» **Exercise instructions**
Write out every record in full, exactly as written, please.

Start of Block

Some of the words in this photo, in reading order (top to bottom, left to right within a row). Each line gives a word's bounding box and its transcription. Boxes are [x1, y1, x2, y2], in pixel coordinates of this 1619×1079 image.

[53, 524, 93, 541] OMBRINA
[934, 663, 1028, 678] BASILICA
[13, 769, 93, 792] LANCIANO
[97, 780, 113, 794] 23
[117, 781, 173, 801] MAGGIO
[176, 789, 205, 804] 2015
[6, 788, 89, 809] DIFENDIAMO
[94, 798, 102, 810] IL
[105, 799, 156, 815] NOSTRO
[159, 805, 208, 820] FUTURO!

End of Block

» **Result**
Some of the words in this photo, in reading order (top to bottom, left to right within a row). Each line gives a word's bounding box and its transcription. Boxes are [x1, y1, x2, y2], in pixel coordinates of this 1619×1079 image.

[53, 524, 93, 541] OMBRINA
[934, 663, 1028, 678] BASILICA
[13, 769, 93, 792] LANCIANO
[97, 780, 113, 794] 23
[117, 781, 173, 801] MAGGIO
[176, 789, 205, 804] 2015
[6, 788, 89, 809] DIFENDIAMO
[94, 798, 102, 810] IL
[105, 799, 156, 815] NOSTRO
[159, 805, 208, 820] FUTURO!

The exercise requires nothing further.